Now, on a separate note, with apologies to everyone, there is this: I've once again changed my blogging address, title, theme, and focus. The link is included here, and I hope you and your hundreds of followers will consider stopping by every now and then.

Kent Morgan said...

I'm reading a crime novel from 2013 titled Bear Is Broken by Lachlan Smith. When I was in the library the other day returning a book, I looked at a bookshelf with new mystery fiction and saw a later book by Smith. While glancing at it, I saw that Bear Is Broken had won a Shamus Award for best first PI novel. As I used to collect the winners in hardcover, I got interested and sure enough Bear Is Broken was sitting on another shelf waiting for me. I'm three-quarters through it and so far so good. The story set in San Francsico revolves around a young lawyer trying for find out who shot his criminal lawyer brother.

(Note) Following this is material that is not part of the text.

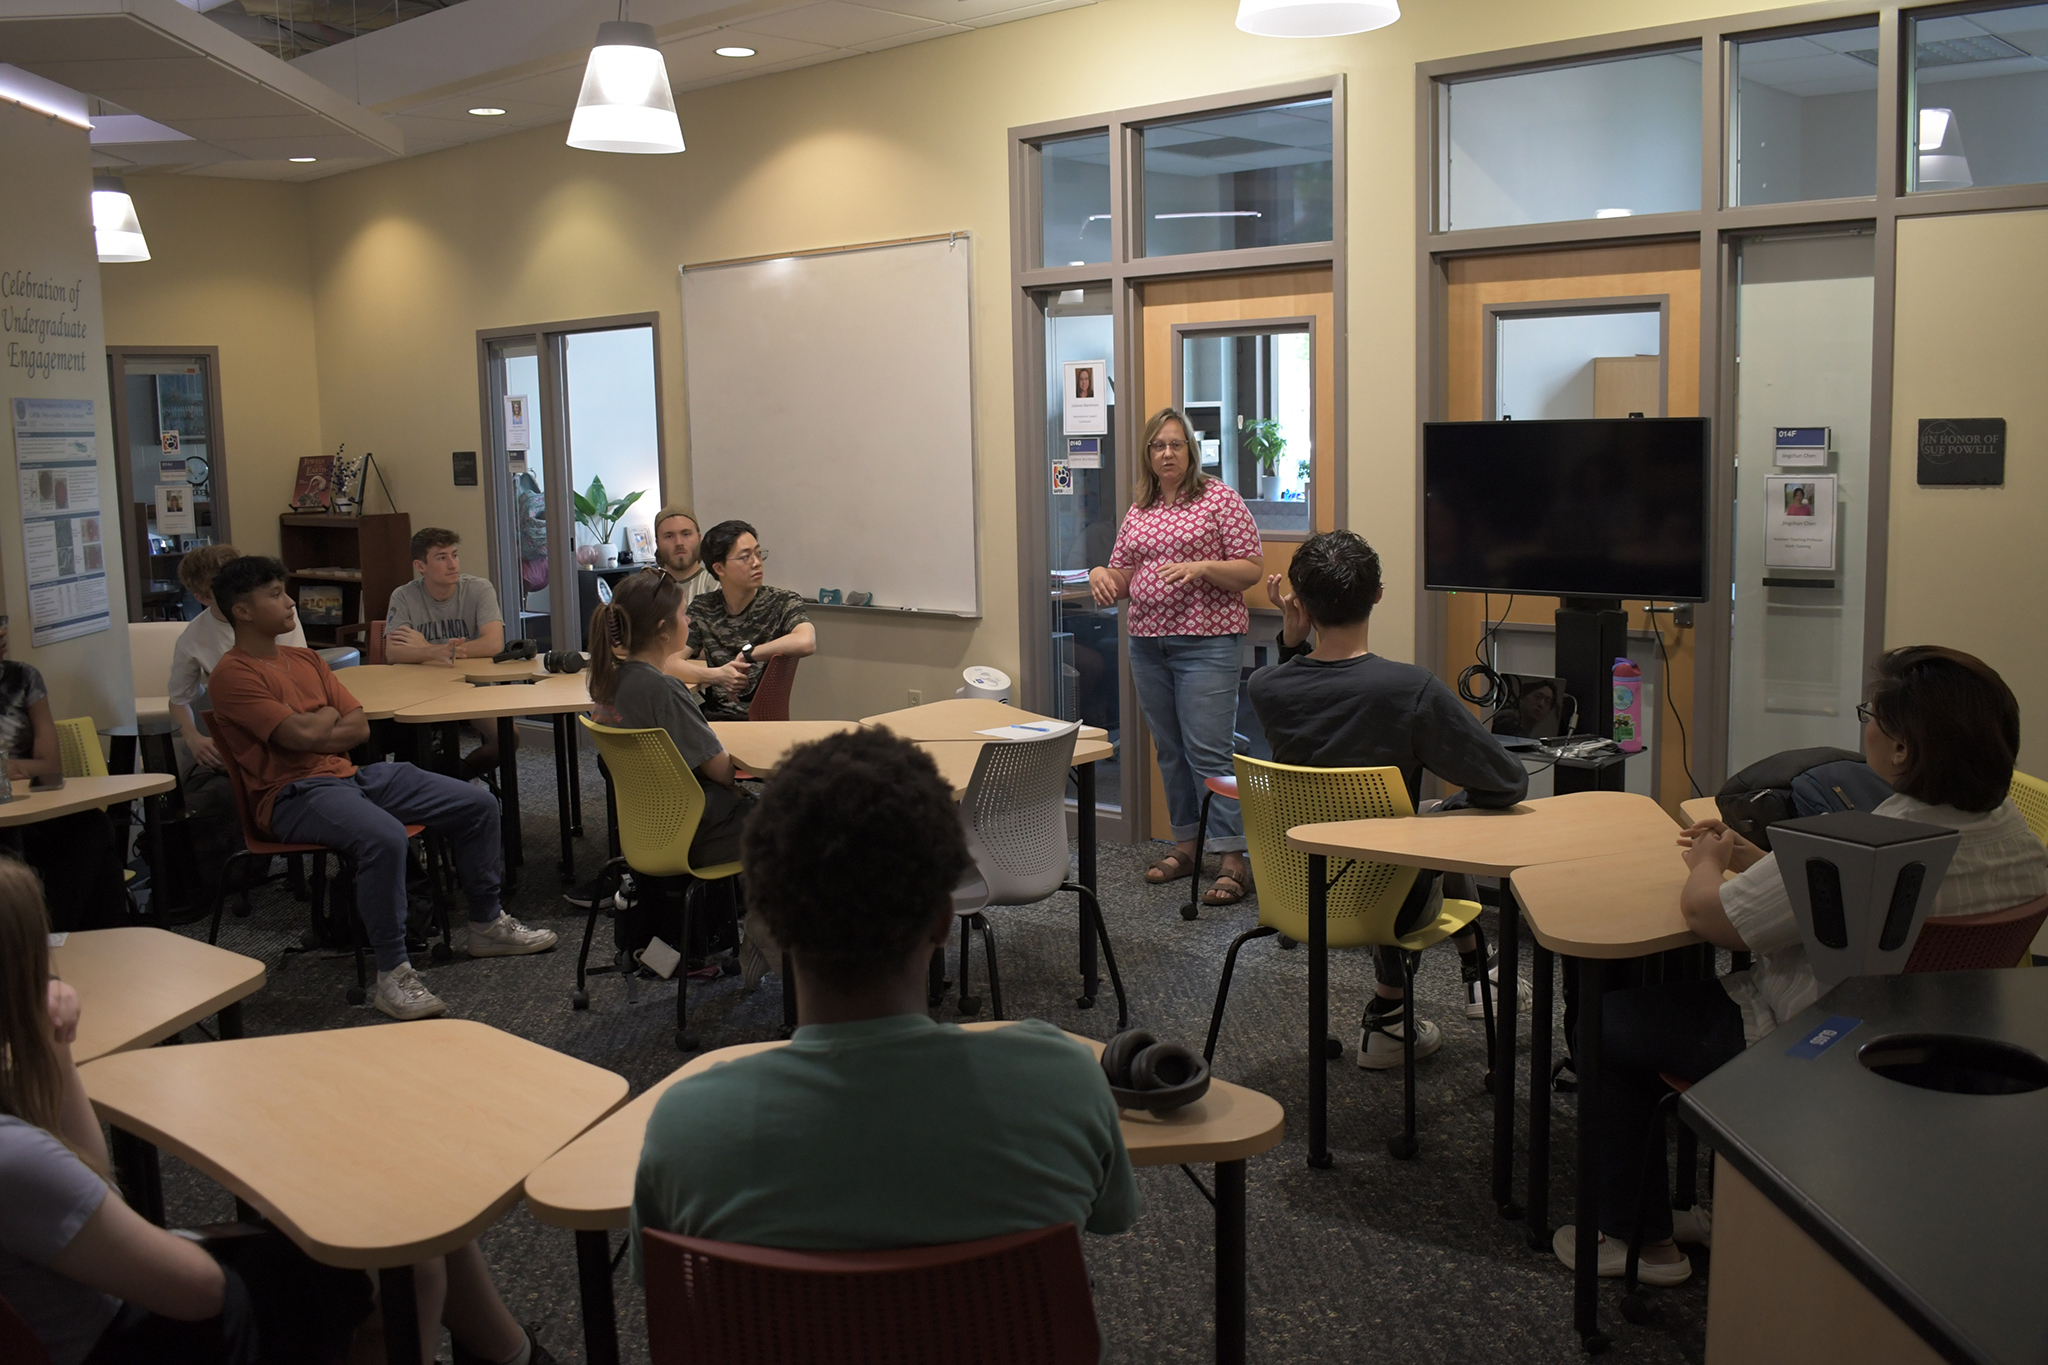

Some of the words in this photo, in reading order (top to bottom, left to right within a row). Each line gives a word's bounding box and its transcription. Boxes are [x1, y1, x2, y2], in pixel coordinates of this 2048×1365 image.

pattinase (abbott) said...

Interesting the paths we take to a book. I have done the same thing if the current book is on short loan.
I remember John Hart. He won two Edgars in a row I think.

Jerry House said...

My current book is TWWENTY THOUSAND LEAGUES UNDER THE SEA. I had started reading it in high school and never finished for some reason lost in the mists of time. I saw it on the library shelf last week and decided it was high time I read it through to the end.

R.T. said...

Jerry, I think those books we read (or started to read) in high school are often the books we most enjoy rereading; our new reading experience will tells us quite a bit about ourselves (then and now). Enjoy!

Now, because you've started the Verne, I'm digging through the floppy disks in my brain for memories of books abandoned long ago. Perhaps I will rediscover something from the foggy, soggy past.

TracyK said...

I picked the book I am reading, The Red House Mystery, because it was published in 1922 and that is the year picked for a meme at the Past Offences blog, Crimes of the Century. I have wanted to read it for a while and I have three different editions, so it was the best choice for the year.

What an interesting group of books in the comments.